Does anyone know what the mechanism is that the R randomForest package uses to resolve classification ties - i.e. when the trees end up with equal votes in two or more classes?
The documentation says that the tie is broken randomly. However, when you train a model on a set of data and then score that model many times with a single set of validation data, the tied class decisions aren't 50/50.
cnum = vector("integer",1000)
for (i in 1:length(cnum)){
cnum[i] = (as.integer(predict(model,val_x[bad_ind[[1]],])))
}
cls = unique(cnum)
for (i in 1:length(cls)){
print(length(which(cnum == cls[i])))
}
where model
is the randomForest object and bad_ind
is just a list of indices for feature vectors that have tied class votes. In my test cases, using the code above, the distribution between two tied classes is closer to 90/10.
Also, the recommendation to use an odd number of trees doesn't normally work with a third class pulling some votes leaving two other classes in a tie.
Shouldn't these cases with the rf trees tied in voting end up 50/50?
Update: It is difficult to provide an example due to the random nature of training a forest, but the following code (sorry for the slop) should end up producing examples that the forest can't determine a clear winner with.
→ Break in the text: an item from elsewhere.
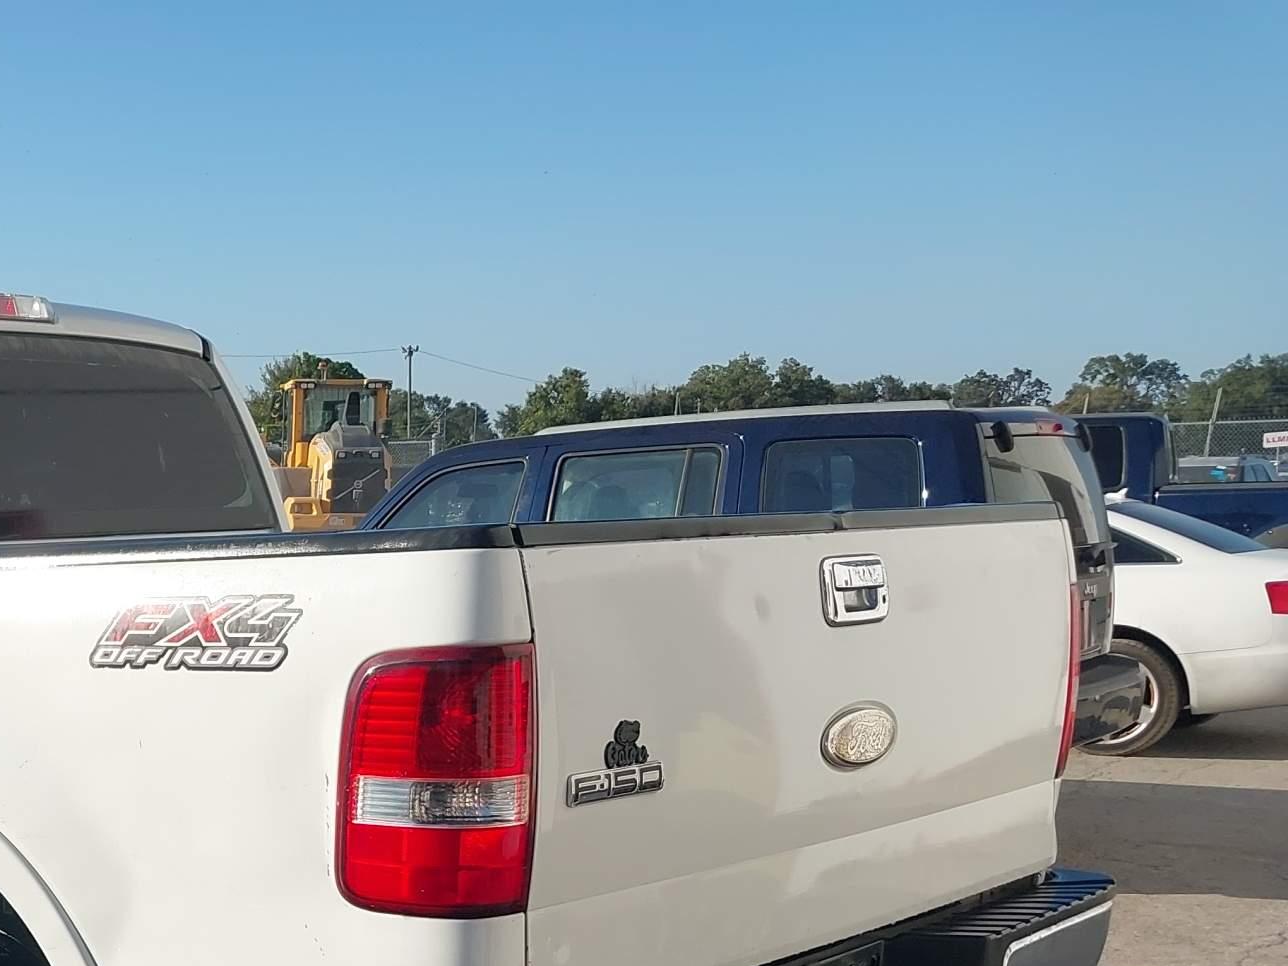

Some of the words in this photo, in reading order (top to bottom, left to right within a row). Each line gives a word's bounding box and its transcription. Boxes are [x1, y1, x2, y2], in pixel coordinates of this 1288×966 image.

My test runs shows a 66%/33% distribution when the ties are broken - I expected this to be 50%/50%.
library(randomForest)
x1 = runif(200,-4,4)
x2 = runif(200,-4,4)
x3 = runif(1000,-4,4)
x4 = runif(1000,-4,4)
y1 = dnorm(x1,mean=0,sd=1)
y2 = dnorm(x2,mean=0,sd=1)
y3 = dnorm(x3,mean=0,sd=1)
y4 = dnorm(x4,mean=0,sd=1)
train = data.frame("v1"=y1,"v2"=y2)
val = data.frame("v1"=y3,"v2"=y4)
tlab = vector("integer",length(y1))
tlab_ind = sample(1:length(y1),length(y1)/2)
tlab[tlab_ind]= 1
tlab[-tlab_ind] = 2
tlabf = factor(tlab)
vlab = vector("integer",length(y3))
vlab_ind = sample(1:length(y3),length(y3)/2)
vlab[vlab_ind]= 1
vlab[-vlab_ind] = 2
vlabf = factor(vlab)
mm <- randomForest(x=train,y=tlabf,ntree=100)
out1 <- predict(mm,val)
out2 <- predict(mm,val)
out3 <- predict(mm,val)
outv1 <- predict(mm,val,norm.votes=FALSE,type="vote")
outv2 <- predict(mm,val,norm.votes=FALSE,type="vote")
outv3 <- predict(mm,val,norm.votes=FALSE,type="vote")
(max(as.integer(out1)-as.integer(out2)));(min(as.integer(out1)-as.integer(out2)))
(max(as.integer(out2)-as.integer(out3)));(min(as.integer(out2)-as.integer(out3)))
(max(as.integer(out1)-as.integer(out3)));(min(as.integer(out1)-as.integer(out3)))
bad_ind = vector("list",0)
for (i in 1:length(out1)) {
#for (i in 1:100) {
if (out1[[i]] != out2[[i]]){
print(paste(i,out1[[i]],out2[[i]],sep = "; "))
bad_ind = append(bad_ind,i)
}
}
for (j in 1:length(bad_ind)) {
cnum = vector("integer",1000)
for (i in 1:length(cnum)) {
cnum[[i]] = as.integer(predict(mm,val[bad_ind[[j]],]))
}
cls = unique(cnum)
perc_vals = vector("integer",length(cls))
for (i in 1:length(cls)){
perc_vals[[i]] = length(which(cnum == cls[i]))
}
cat("for feature vector ",bad_ind[[j]]," the class distrbution is: ",perc_vals[[1]]/sum(perc_vals),"/",perc_vals[[2]]/sum(perc_vals),"\n")
}
Update: This should be fixed in version 4.6-3 of randomForest.
This should be fixed in version 4.6-3 of randomForest.